Inmediatamente, Natalie pasó al Salmo 23. Al escuchar los pensamientos de Thresher, oyó que llegaba a la parte que dice «acaso soñar» antes de sumirse de nuevo en el éter.
Pearsall lanzó un grito, dejó caer la linterna en el agua y tropezó hacia atrás contra el alféizar que tenía detrás como si se hubiera asustado. Sin embargo, cogió la pistola, y cuando se levantó ya estaba sonriendo. Las ondas de luz de la linterna sumergida recorrían su cara ensombrecida, como si estuviera sobre un acuario.
—¡Mujer de poca fe!
—Ha mentido —replicó Natalie—. Dijo que no le haría daño.
—Y no se lo habría hecho. Era una prueba, y no la has superado. —Sacudió la cabeza chasqueando con la lengua—. ¿Y ahora me vas a decir tu verdadero mantra de protección o Callie acabará como la pobre Nora? Puedo hacerlo, ¿sabes?
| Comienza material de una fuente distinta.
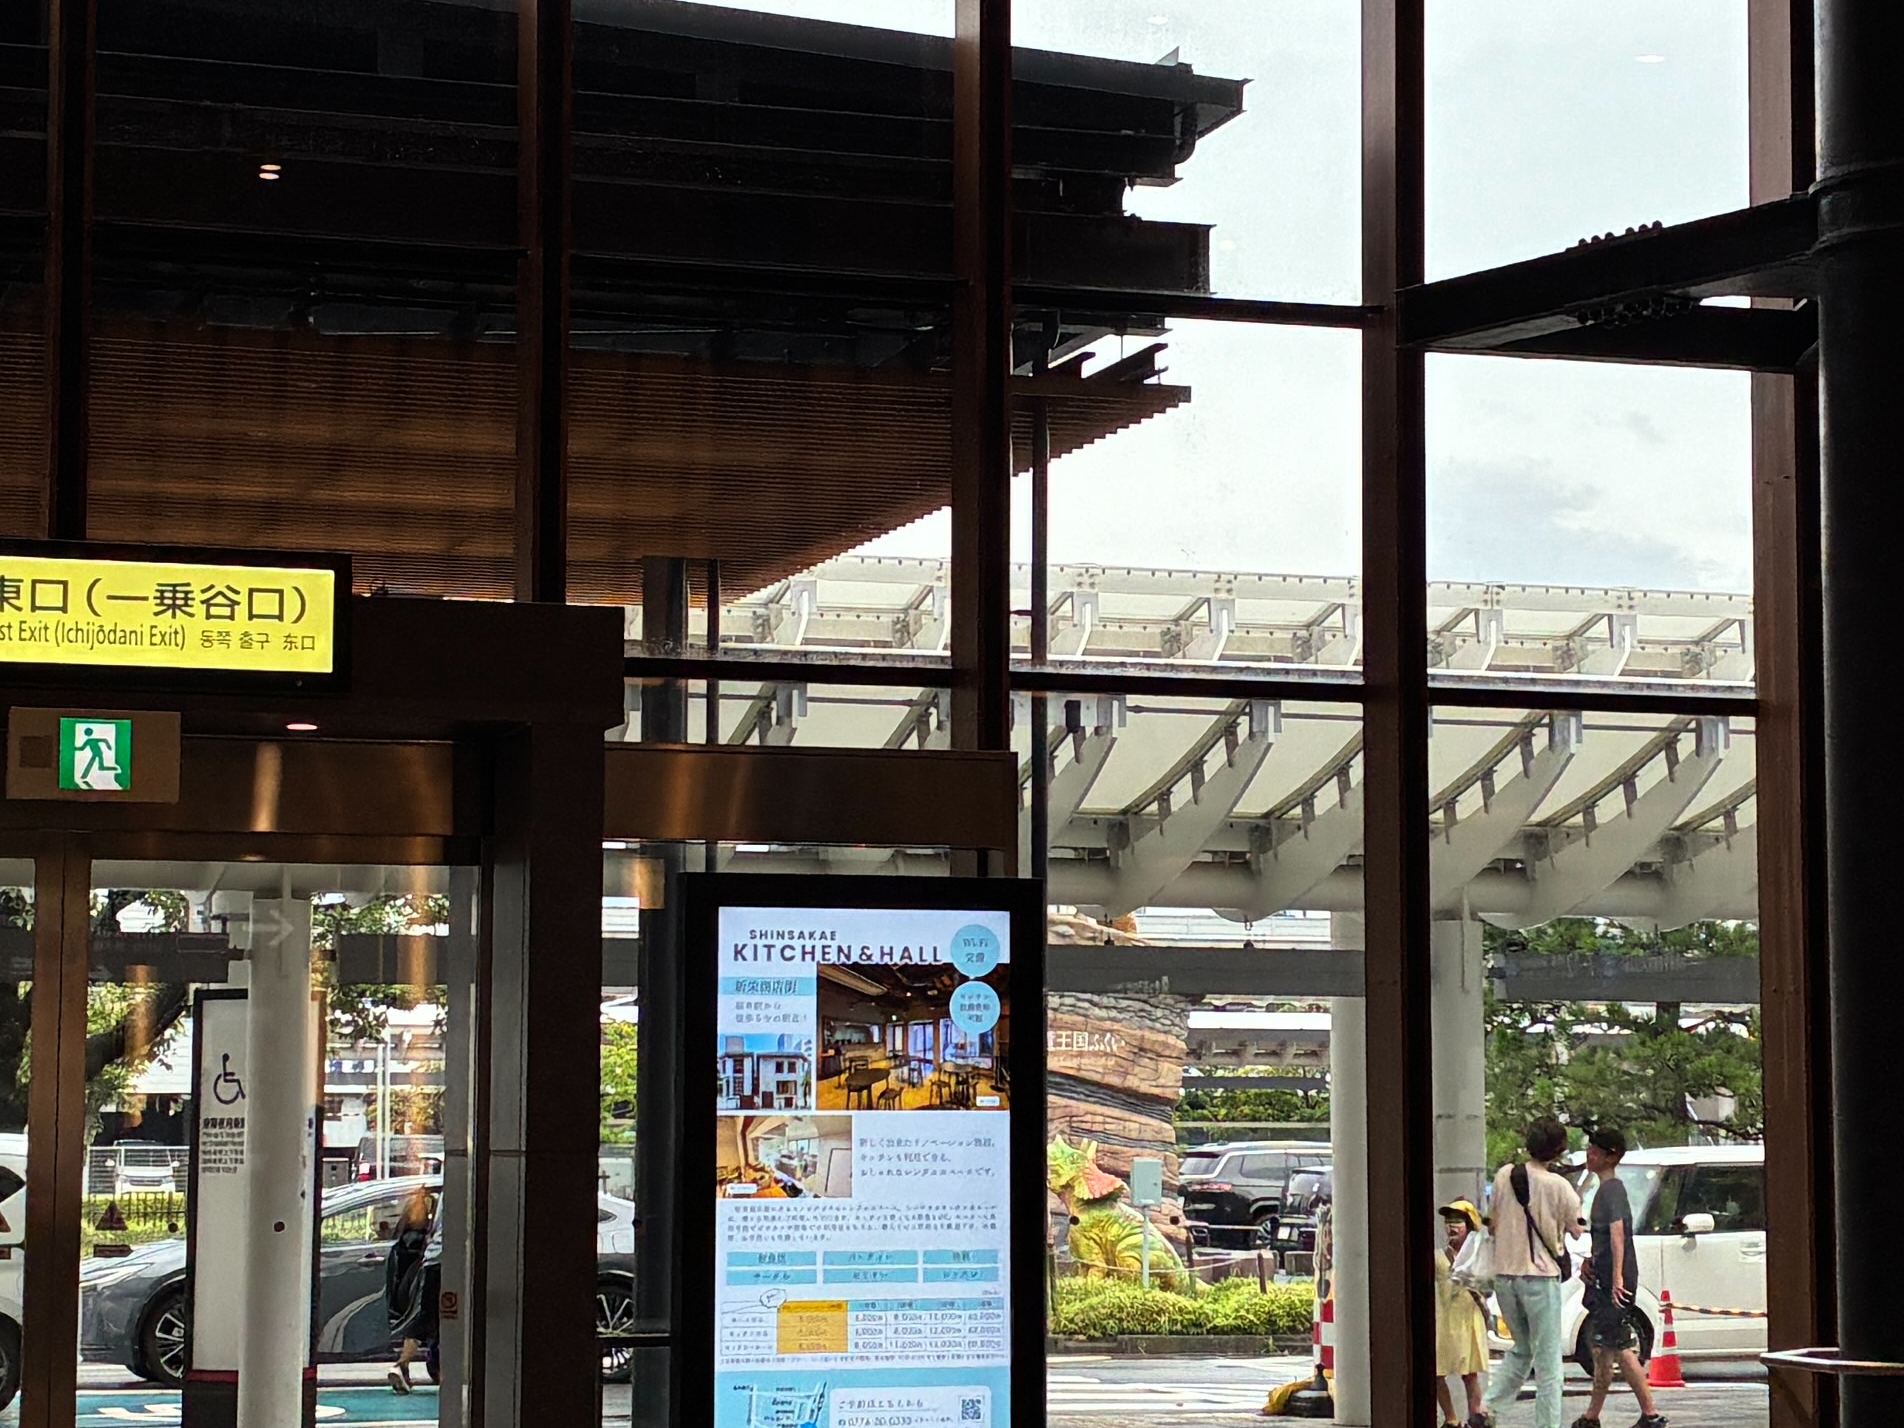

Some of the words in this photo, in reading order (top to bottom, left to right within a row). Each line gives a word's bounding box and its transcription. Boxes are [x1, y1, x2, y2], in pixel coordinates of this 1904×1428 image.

Aunque ella me eche constantemente, seguiré llamando cada segundo del resto de su miserable existencia.
«Ha llegado el momento de apostar fuerte», pensó Natalie.
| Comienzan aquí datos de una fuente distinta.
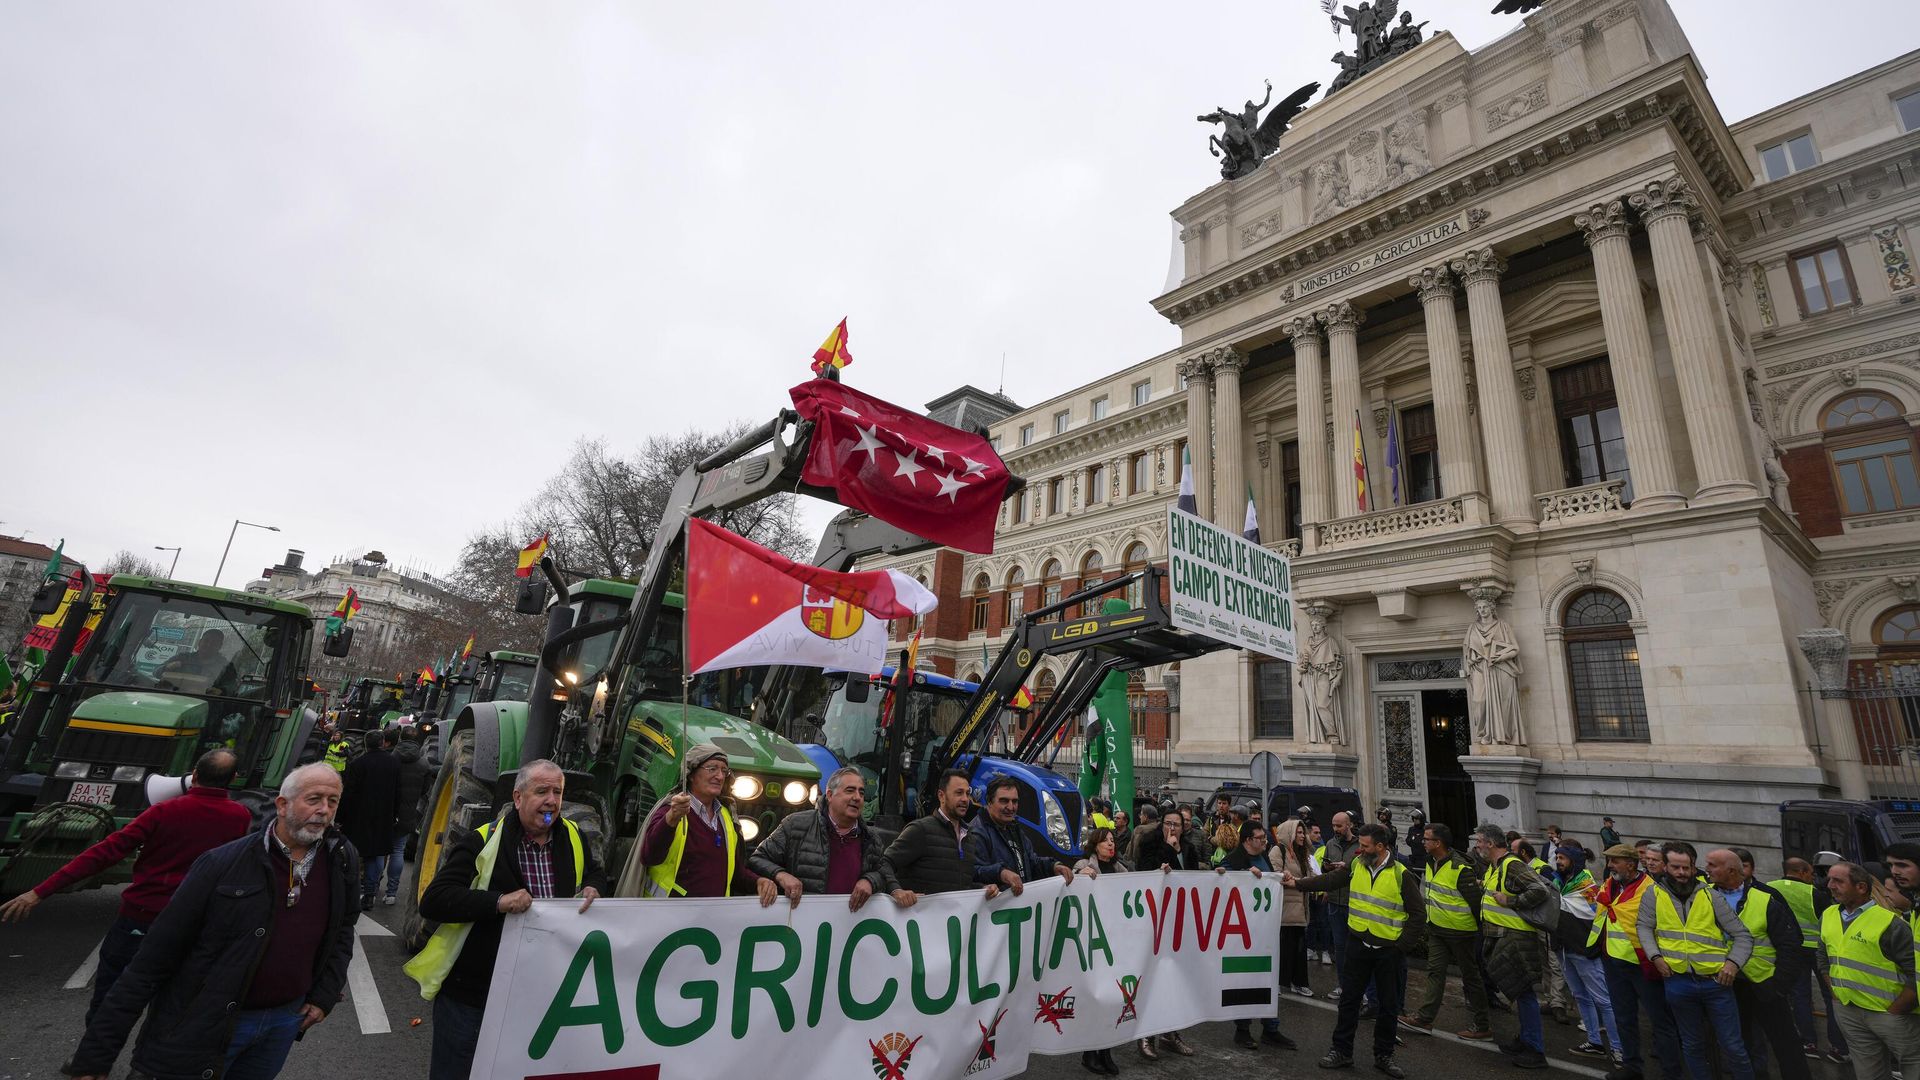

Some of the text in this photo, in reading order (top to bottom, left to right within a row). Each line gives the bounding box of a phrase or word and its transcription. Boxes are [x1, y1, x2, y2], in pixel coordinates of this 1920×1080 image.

[1300, 221, 1462, 295] MINISTERIO DE AGRICULTURA
[1171, 512, 1289, 595] EN DEFENSA DE NUESTRO
[1172, 555, 1220, 607] CAMPO
[1224, 575, 1292, 632] EXTREMEÑO
[74, 783, 112, 797] BA-VE
[1105, 718, 1122, 816] ASAJA
[528, 893, 1114, 1060] AGRICULTURA
—A propósito, noto que alguien está llamando ahora mismo…
Estaba a punto de invocar a Margaret Thresher cuando un relámpago plateado relució en la ventana detrás de Pearsall. El rayo perfiló una figura amenazante que podría haber sido la sombra de él, pues también tenía una pistola.
Vincent Thresher vio que la mirada de Natalie se movía y se dio la vuelta.
El trueno amplificó el disparo y el estruendo de los cristales cuando los pedazos de vidrio estallaron en la habitación. La bala rozó el hombro derecho de Pearsall, pero Thresher mantuvo al violeta en pie. George apuntó con su Glock a través del agujero de la ventana para realizar otro disparo, pero Thresher disparó primero. En lugar de la detonación esperada, la pistola emitió el sonido de un escupitajo y lanzó un dardo con una aguja al ojo izquierdo de George. Era la primera vez que Natalie lo veía sin sus características gafas de espejo, y lo había pagado caro.
George dejó caer la Glock al agua lanzando alaridos y se tapó el ojo con las manos mientras una lágrima de sangre le corría por la mejilla. Sin embargo, la dosis de tranquilizante no debió de ser suficiente para su enorme tamaño, pues saltó por encima del alféizar de la ventana, chorreando agua como una sirena enfurecida, y atrapó a Thresher haciéndole un placaje en el aire.
Natalie se abalanzó para coger a Callie de la cama. También agarró la linterna fluorescente que quedaba, blandiéndola como un arma.
Con el dardo alojado todavía en el ojo, George agarró a Pearsall del cabello, pero el peluquín se deslizó de la cabeza calva del violeta. Cuando Thresher empezó a agitarse con violencia para librarse de George, el agente del Cuerpo lo empujó al agua.
—¡Sal de aquí! —Luchó para dominar a Pearsall al tiempo que brotaban burbujas de la cara sumergida del violeta—. La llave está en mi coche. Cógela.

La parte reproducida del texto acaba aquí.